Input data:
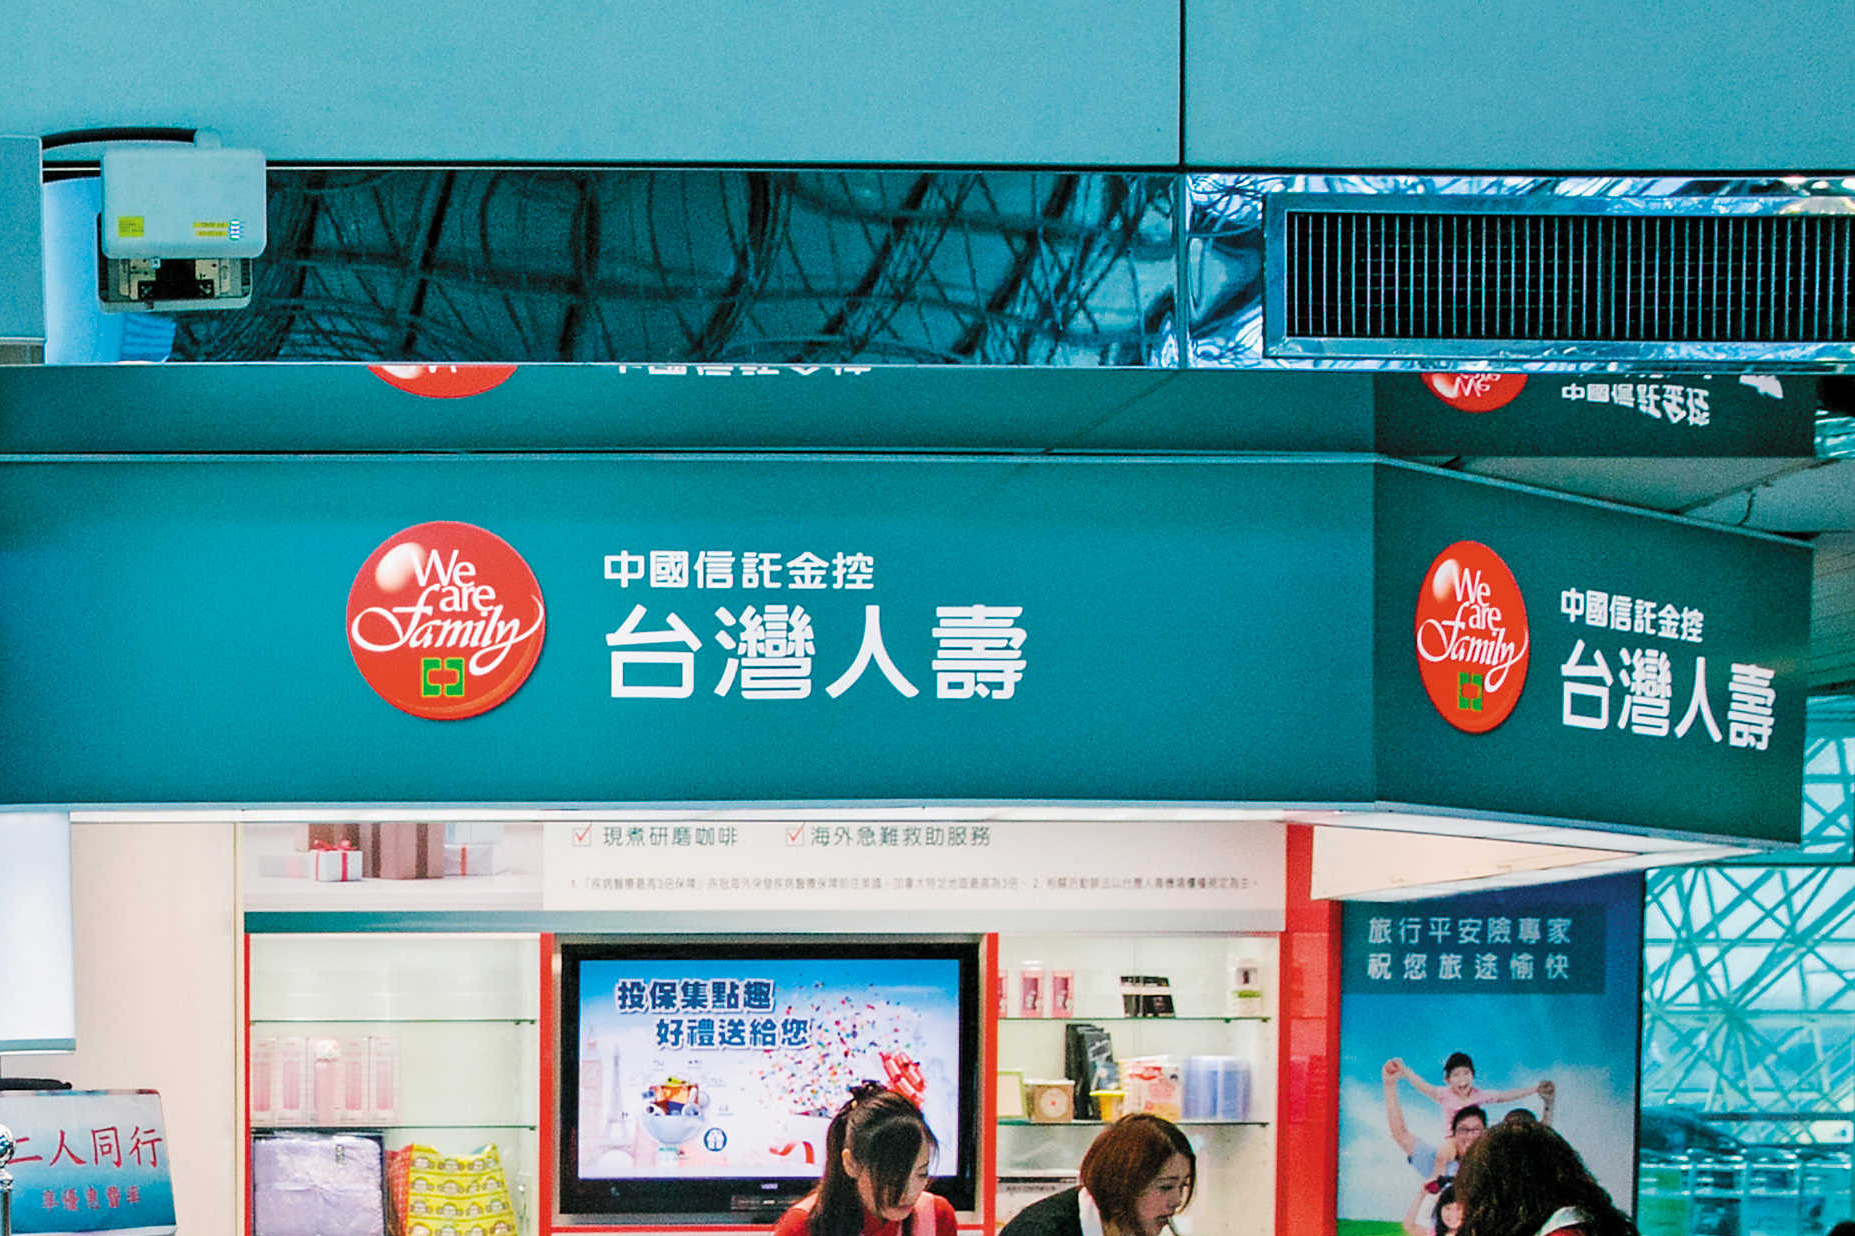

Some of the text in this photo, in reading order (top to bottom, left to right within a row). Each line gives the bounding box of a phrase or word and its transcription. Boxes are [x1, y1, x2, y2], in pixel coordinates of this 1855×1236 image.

[412, 549, 476, 589] We
[604, 550, 874, 590] 中國信託金控
[1453, 567, 1491, 603] We
[442, 582, 496, 613] are
[1561, 587, 1705, 643] 中國信託金控
[351, 594, 542, 676] Family
[1468, 604, 1502, 632] are
[606, 604, 1028, 701] 台灣人壽
[1416, 602, 1527, 693] Family
[1561, 639, 1775, 751] 台灣人壽
[602, 825, 739, 848] 現煮研磨咖啡
[810, 825, 991, 847] 海外急難救助服務
[1367, 917, 1573, 945] 旅行平安險專家
[1366, 952, 1571, 981] 祝您旅途愉快
[616, 978, 775, 1013] 投保集點趣
[655, 1017, 812, 1050] 好禮送給您
[9, 1125, 163, 1169] 二人同行

What you have to do:
Verbatim output of every entry above is required, though pictures are to be left out.

Exercise response:
Some of the text in this photo, in reading order (top to bottom, left to right within a row). Each line gives the bounding box of a phrase or word and its transcription. Boxes are [x1, y1, x2, y2], in pixel coordinates of this 1855×1236 image.

[412, 549, 476, 589] We
[604, 550, 874, 590] 中國信託金控
[1453, 567, 1491, 603] We
[442, 582, 496, 613] are
[1561, 587, 1705, 643] 中國信託金控
[351, 594, 542, 676] Family
[1468, 604, 1502, 632] are
[606, 604, 1028, 701] 台灣人壽
[1416, 602, 1527, 693] Family
[1561, 639, 1775, 751] 台灣人壽
[602, 825, 739, 848] 現煮研磨咖啡
[810, 825, 991, 847] 海外急難救助服務
[1367, 917, 1573, 945] 旅行平安險專家
[1366, 952, 1571, 981] 祝您旅途愉快
[616, 978, 775, 1013] 投保集點趣
[655, 1017, 812, 1050] 好禮送給您
[9, 1125, 163, 1169] 二人同行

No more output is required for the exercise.